(What you should do) Each line below must be printed again exactly.

(Listed records)
□ □ □

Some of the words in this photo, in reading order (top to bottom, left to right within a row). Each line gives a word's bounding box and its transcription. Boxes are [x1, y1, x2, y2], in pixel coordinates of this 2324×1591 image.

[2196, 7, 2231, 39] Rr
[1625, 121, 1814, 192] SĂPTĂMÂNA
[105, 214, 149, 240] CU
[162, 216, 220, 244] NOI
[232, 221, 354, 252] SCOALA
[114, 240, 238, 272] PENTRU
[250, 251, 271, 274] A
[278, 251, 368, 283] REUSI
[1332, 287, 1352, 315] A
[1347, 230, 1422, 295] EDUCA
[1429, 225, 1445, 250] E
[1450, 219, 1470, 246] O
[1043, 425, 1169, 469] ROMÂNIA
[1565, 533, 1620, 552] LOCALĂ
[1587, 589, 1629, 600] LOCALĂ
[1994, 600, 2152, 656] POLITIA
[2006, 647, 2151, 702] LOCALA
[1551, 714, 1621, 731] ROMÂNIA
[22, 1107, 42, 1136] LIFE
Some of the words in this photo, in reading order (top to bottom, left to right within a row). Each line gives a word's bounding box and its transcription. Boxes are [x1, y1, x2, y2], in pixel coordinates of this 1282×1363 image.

□ □ □

(Answer box)
Some of the words in this photo, in reading order (top to bottom, left to right within a row). Each line gives a word's bounding box and its transcription. Boxes are [x1, y1, x2, y2], in pixel coordinates of this 2324×1591 image.

[2196, 7, 2231, 39] Rr
[1625, 121, 1814, 192] SĂPTĂMÂNA
[105, 214, 149, 240] CU
[162, 216, 220, 244] NOI
[232, 221, 354, 252] SCOALA
[114, 240, 238, 272] PENTRU
[250, 251, 271, 274] A
[278, 251, 368, 283] REUSI
[1332, 287, 1352, 315] A
[1347, 230, 1422, 295] EDUCA
[1429, 225, 1445, 250] E
[1450, 219, 1470, 246] O
[1043, 425, 1169, 469] ROMÂNIA
[1565, 533, 1620, 552] LOCALĂ
[1587, 589, 1629, 600] LOCALĂ
[1994, 600, 2152, 656] POLITIA
[2006, 647, 2151, 702] LOCALA
[1551, 714, 1621, 731] ROMÂNIA
[22, 1107, 42, 1136] LIFE
Some of the words in this photo, in reading order (top to bottom, left to right within a row). Each line gives a word's bounding box and its transcription. Boxes are [x1, y1, x2, y2], in pixel coordinates of this 1282×1363 image.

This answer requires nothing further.